Gedoogplicht ondanks afspraken met Gasunie

Ondanks de afspraak met Gasunie dat een ‘afsluiterschema’ zou worden verplaatst naar het kavelpad, is het afsluiterschema opnieuw in het agrarische perceel zelf aangebracht. Omdat vervolgens een gedoogplicht ingevolge de BP is opgelegd, hoeft Gasunie niet tot verplaatsing over te gaan. Het hof kent evenmin een schadevergoeding toe vanwege de bijzondere rechtsgang die artikel 14 BP daarvoor biedt.

Afspraken met Gasunie

Dit arrest van 11 september 2018 van het Gerechtshof Arnhem-Leeuwarden (ECLI:NL:GHARL:2018:8108) is de zoveelste gerechtelijke uitspraak over deze casus waarin Gasunie afspraken niet is nagekomen.

Wat was er aan de hand? Gasunie heeft in het verleden gasleidingen en een ‘afsluiterschema’ in een agrarisch perceel aangebracht om de achterliggende regio van gas te voorzien. Een afsluiterschema is een ondergronds aangebracht samenstel van afsluiters afgedekt met een betonplaat. Partijen hadden een overeenkomst gesloten, waarbij was afgesproken dat het nieuw te plaatsen afsluiterschema in (onder) het kavelpad (dat langs het perceel loopt) en niet in het perceel zou worden aangelegd.

Gedoogplicht

Niettemin heeft Gasunie het afsluiterschema vervolgens toch in het perceel aangelegd en de Minister verzocht daarvoor een gedoogplicht op te leggen ingevolge de Belemmeringenwet Privaatrecht (BP). Die beschikking is onderwerp geweest van bezwaar, beroep en hoger beroep. Daarnaast heeft de rechthebbende het hof eerder tevergeefs verzocht de gedoogbeschikking te vernietigen op grond van artikel 4 lid 1 BP. De beschikking is intussen echter onherroepelijk en heeft formele rechtskracht.

Beperkte werking?

De rechtbank had in eerste aanleg Gasunie bevolen het werk te verplaatsen naar het kavelpad onder de voorwaarde dat de gedoogbeschikking onherroepelijk zou worden vernietigd. Tot een vernietiging is het dus echter nooit gekomen. De rechthebbende heeft in deze civiele procedure betoogd dat de werking van de gedoogbeschikking beperkt is, in die zin dat die slechts zou inhouden dat het afsluiterschema alleen gedoogd hoeft te worden zolang niet onherroepelijk is beslist op de vordering tot verwijdering daarvan.

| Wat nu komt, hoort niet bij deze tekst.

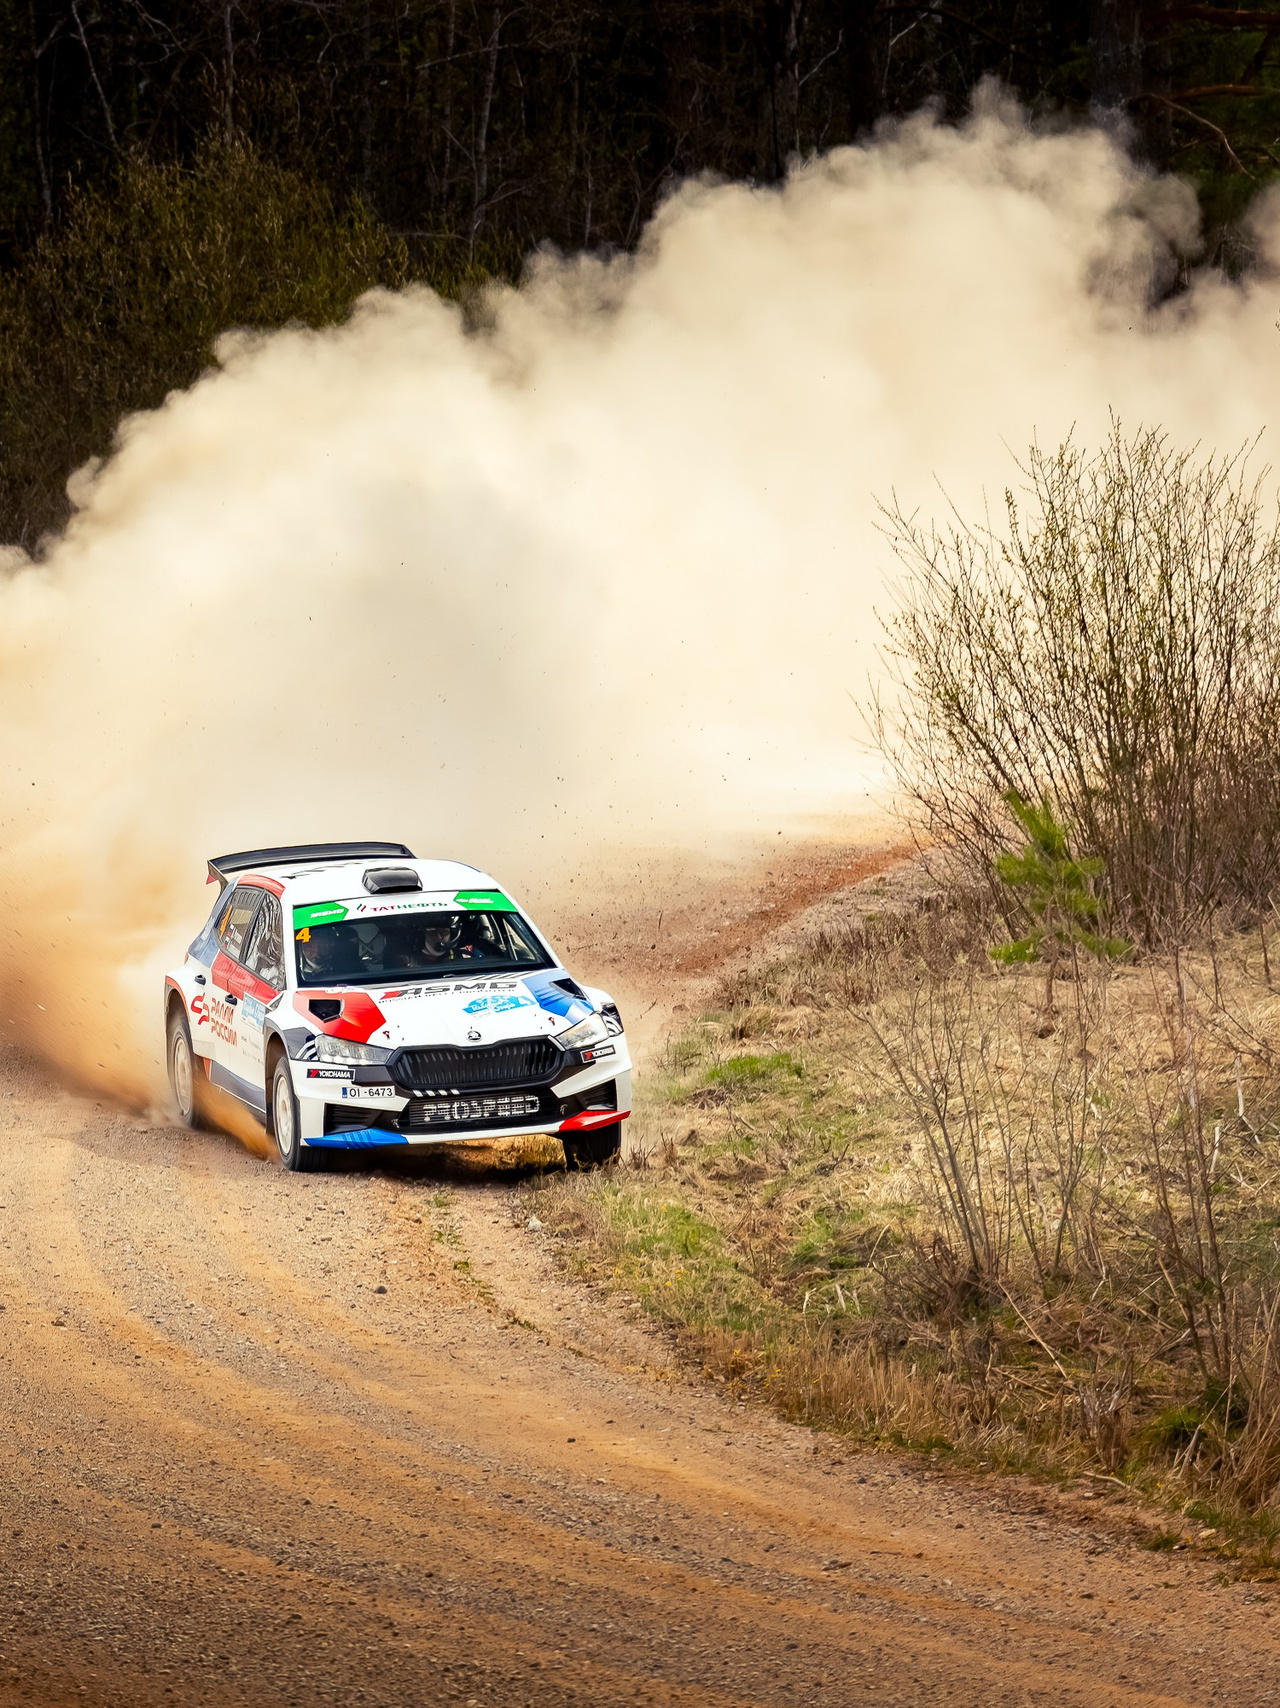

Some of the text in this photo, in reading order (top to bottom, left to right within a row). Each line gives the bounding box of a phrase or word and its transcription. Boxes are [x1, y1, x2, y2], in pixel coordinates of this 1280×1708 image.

Daarin gaat het hof niet mee. In de eerste plaats acht het in dat kader van belang dat uit de beschikking blijkt dat onder ogen is gezien dat het werk reeds was aangebracht en dat de rechthebbende verplaatsing wenste. Geoordeeld is vervolgens dat het belang bij verplaatsing niet opweegt tegen de kosten en gevolgen daarvan.

Ook in het wettelijk systeem kan geen grondslag worden gevonden voor de stelling van de rechthebbende. Integendeel, het wettelijk systeem houdt in dat de eventuele erkenning door de civiele rechter van het door de belanghebbende ingeroepen recht niet tot gevolg kán hebben dat die rechter beveelt het werk te verwijderen. Dat zou in strijd zijn met het in de onherroepelijke gedoogbeschikking erkende publieke belang bij het handhaven van dat werk. De bevoegdheid van de civiele rechter is derhalve in zoverre beperkt.

Schadevergoeding

De rechthebbende heeft ook schadevergoeding gevorderd. Daarover overweegt het hof dat artikel 14 lid 1 BP voorziet in een volledige schadevergoeding. Het was niet gebleken dat de rechthebbende een andere schadevergoeding op het oog had dan bedoeld in dat artikel. Het bestaan van de bijzondere rechtsgang van artikel 14 lid 1 BP maakt dat voor het hof niet voor de hand ligt dat de rechthebbende in deze procedure de schadevergoeding heeft willen vorderen waarop zij in die afzonderlijke rechtsgang aanspraak kan maken. Daarop wijst ook de formulering van de vordering. Kennelijk zag die uitsluitend op schade die het gevolg is van de toerekenbare tekortkoming van Gasunie voor zover die schade niet in aanmerking komt voor vergoeding in het kader van de procedure ex artikel 14 lid 1 BP. Van een dergelijke, andere of resterende, schade is niet gebleken. Daarop strandt de vordering.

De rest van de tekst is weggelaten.